The quaint, godly, and sloped lands of Uttarakhand have found a unique culture, a culture flourishing all the way from mythology to modernity. It is a unique blend of the urge to sustain and the urge to be in the vicinity of the divine that has made habitation possible here.
One aspect of their lives in the mountains is their belief in the intangible. The belief in the existence of otherwise scientifically non-existent divinities manifested in various ritualistic settings.
The argument that will be cardinal to this article is that certain regions of Uttarakhand have a presence of outra- religious settings within what Sociologists in India call the dominant tradition.
In this article, I have discussed one of the features of the Uttarakhand culture that mostly resides in the rural spaces.
Uttarakhand Culture: The propensities of the people
The native rural (sometimes even those who migrated to urban centres) dwellers in Uttarakhand run on materialistic fuel as much as they run on the spiritual. They tend to slant toward the purveyors of the spiritual than to that of medicine and science.
The world, in whose eyes the scientific credentials matter like diamonds to these very people it is a rock devoid of value.
The very act of possession(given that it is a small community setting) becomes the news of every household. Suppose you are suffering from an ailment, even of the biological kind. In that case, you will be hinged to the spiritual and the ghost of sundry categories, ranging from figures in Folklores to that from other communities.
The blend
One such outra- religious figure finding a place within the Hindu tradition is the ‘Pathan .’A surname widely used by the Muslim community in India, and some folks in one of the villages in Uttarakhand have residents that are the abode of this very spirit, not to mention their religious orientation being that of Hindu.
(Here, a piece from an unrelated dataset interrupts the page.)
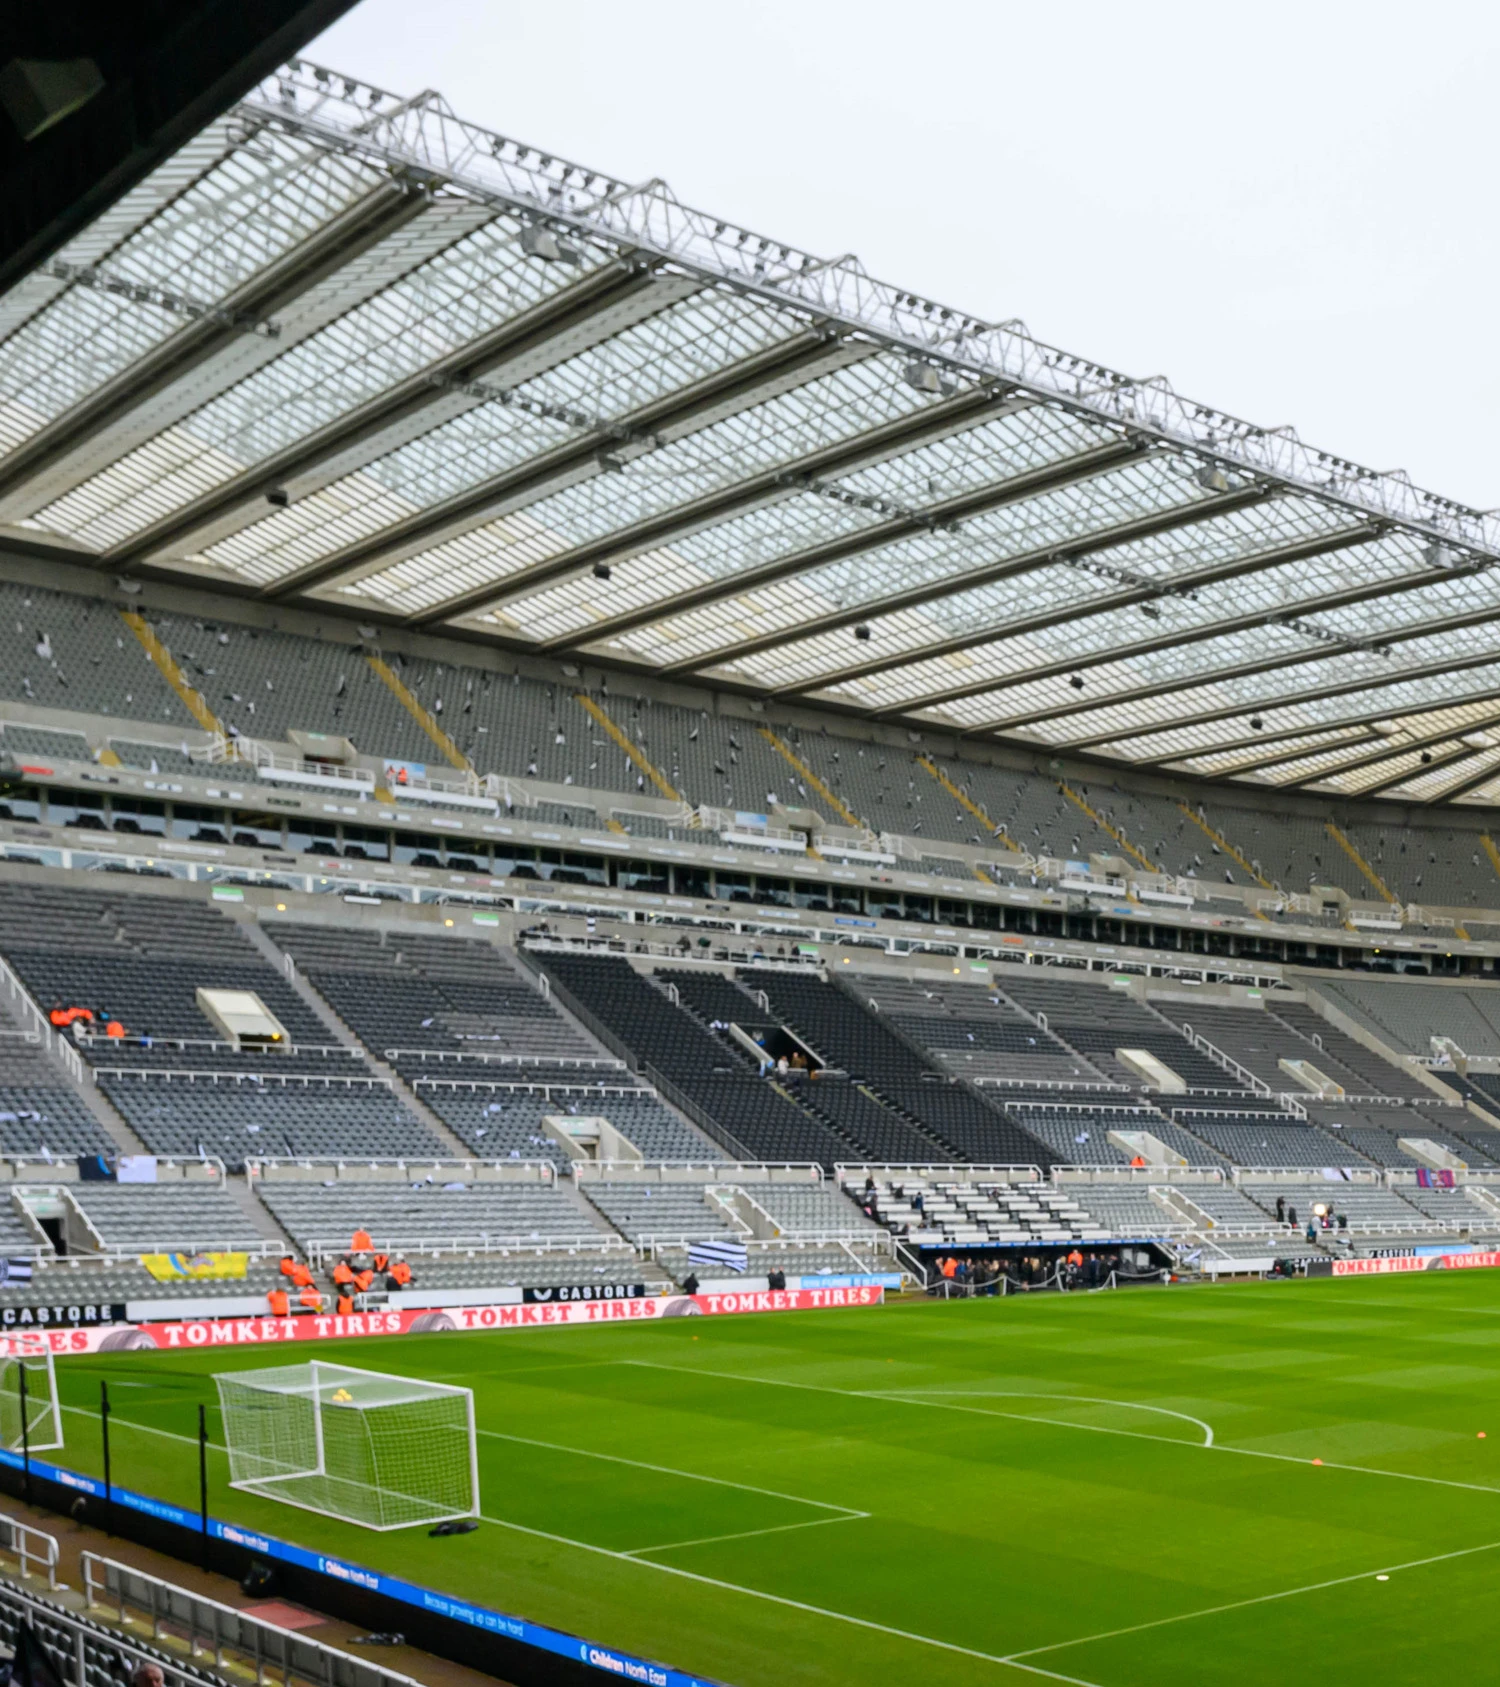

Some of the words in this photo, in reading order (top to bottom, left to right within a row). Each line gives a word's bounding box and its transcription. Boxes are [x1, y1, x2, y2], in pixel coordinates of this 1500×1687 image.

Attending one of the rituals of manifesting this spirit, I encountered the entire process. From gathering ‘Samagri’ or constituents to the actual possession, I witnessed all of it. Two priests( belonging to that lower caste Dom) started the possession by beating a miniature Dholak (Rudki) and a back side of a plate(thali).
The ritual begins with a highly exacerbated sound and lighting of incense and a lamp made out of wheat dough. The subject who was putatively possessed now began to show signs of an erratic, intense alternate personality, and it is this personality that was supposedly outra-religious that all the community members present started having their turns to wave the incense, in an attempt to revere it, in front of the subject.
The scenes are primarily ghastly, and the screams, you need to have a palette for it.
Co-existence: A prelude to harmony
One of the characteristics that may have become salient to you by now about Uttarakhand culture is the idea of co-existence. One thing can be said in this respect the confrontation between religions is the confrontation between humans hinged on their ideals mediated by historical circumstances. The ensconcement of one religion in the lap of another is not as uncommon as we think it is.
This entanglement does not undermine the legitimacy of one another; it is a story of co-existence. Is it high time we consider religion as the feat of human organization and not the feat of human conduct?
One particular instance of the blend does not solve the conflict, but it can indeed solve the problem of discourse, the problem of incognizance towards particulars that eventually lead up to the perspectives.
Religion is not stupid, there have been communities building an entire mode of existence (from morality to social relationships) out of them, and if we think that it is redundant and is no longer needed, we are just Spanish Conquistadors to the natives of South America and French to the Vietnamese.